Return all of the listing word for word; the pictures stay out.

=== Section Start ===

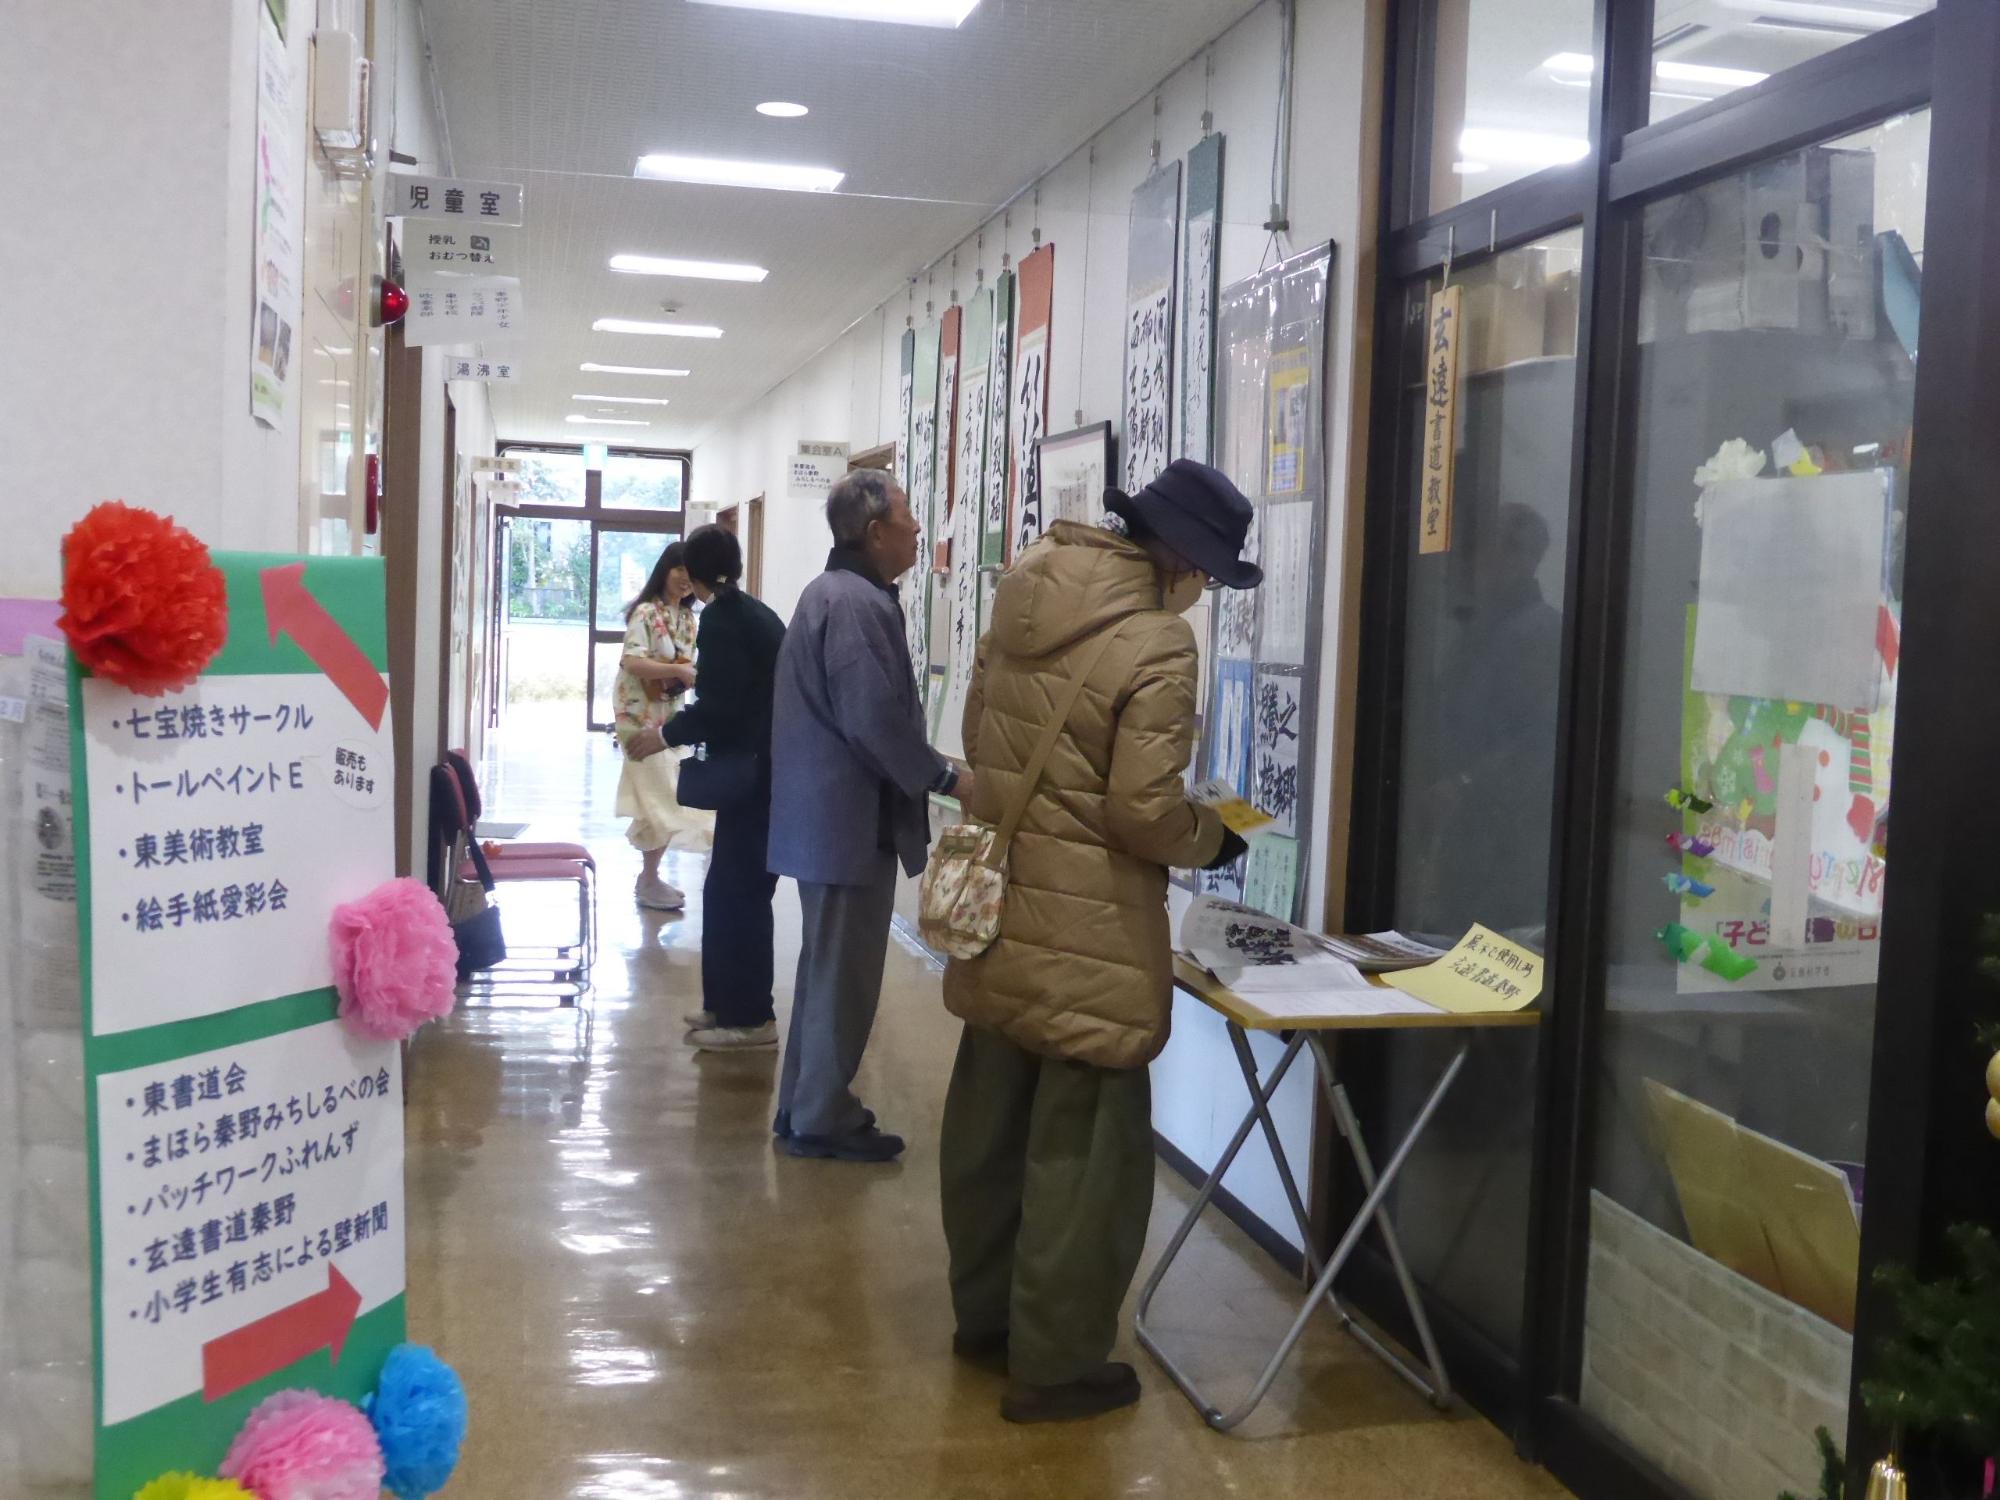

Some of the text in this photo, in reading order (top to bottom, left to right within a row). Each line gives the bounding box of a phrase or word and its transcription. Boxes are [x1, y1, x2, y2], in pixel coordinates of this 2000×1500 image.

[409, 185, 501, 216] 児童室
[428, 251, 495, 264] おむつ替え
[456, 362, 511, 378] 湯沸室
[335, 746, 367, 772] 販売も
[334, 769, 375, 794] あります
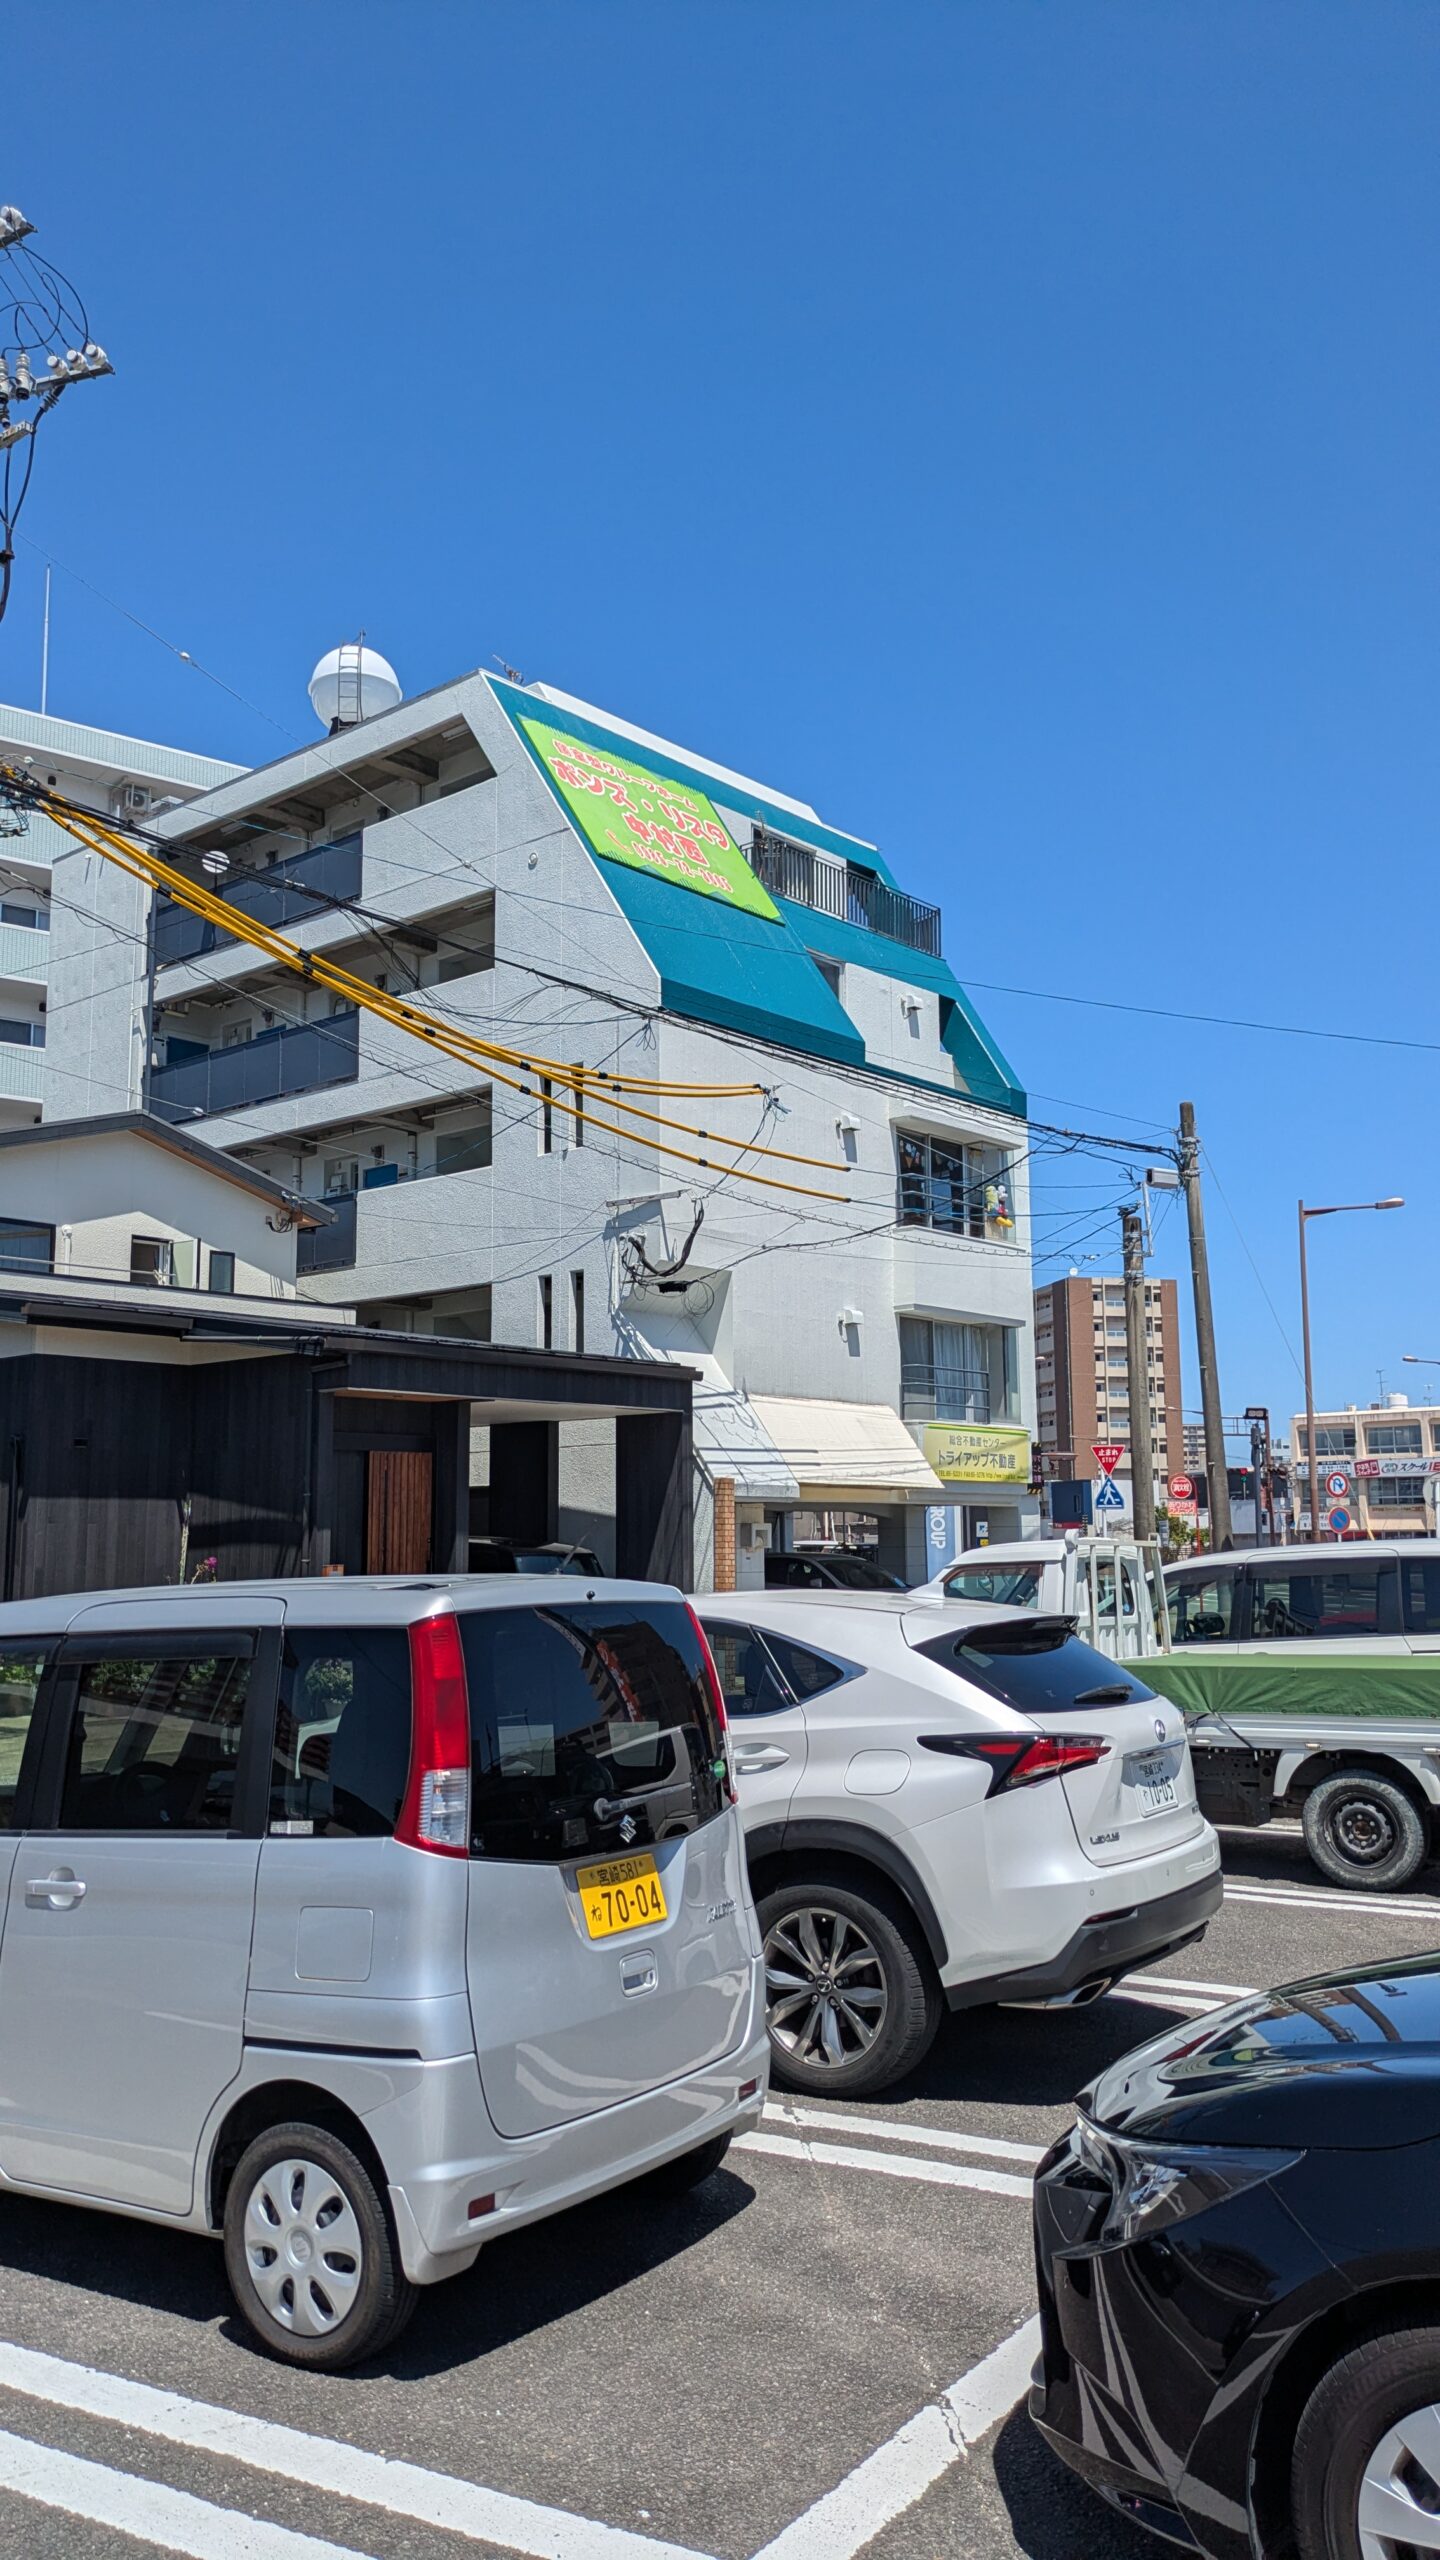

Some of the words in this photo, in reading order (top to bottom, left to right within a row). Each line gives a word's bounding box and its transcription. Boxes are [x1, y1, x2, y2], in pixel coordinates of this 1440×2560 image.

[622, 812, 710, 867] 中村西
[949, 1435, 1007, 1448] 総合不動産センター
[938, 1449, 1016, 1469] トライアップ不動産
[1399, 1462, 1427, 1471] スクール
[597, 1865, 620, 1887] 宮崎
[620, 1860, 639, 1880] 581
[591, 1904, 602, 1921] ね
[601, 1880, 661, 1927] 70-04

=== Section End ===

WRITTEN SOLUTION:
Some of the text in this photo, in reading order (top to bottom, left to right within a row). Each line gives the bounding box of a phrase or word and its transcription. Boxes are [x1, y1, x2, y2], in pixel coordinates of this 2000×1500 image.

[409, 185, 501, 216] 児童室
[428, 251, 495, 264] おむつ替え
[456, 362, 511, 378] 湯沸室
[335, 746, 367, 772] 販売も
[334, 769, 375, 794] あります

Some of the words in this photo, in reading order (top to bottom, left to right within a row). Each line gives a word's bounding box and its transcription. Boxes are [x1, y1, x2, y2], in pixel coordinates of this 1440×2560 image.

[622, 812, 710, 867] 中村西
[949, 1435, 1007, 1448] 総合不動産センター
[938, 1449, 1016, 1469] トライアップ不動産
[1399, 1462, 1427, 1471] スクール
[597, 1865, 620, 1887] 宮崎
[620, 1860, 639, 1880] 581
[591, 1904, 602, 1921] ね
[601, 1880, 661, 1927] 70-04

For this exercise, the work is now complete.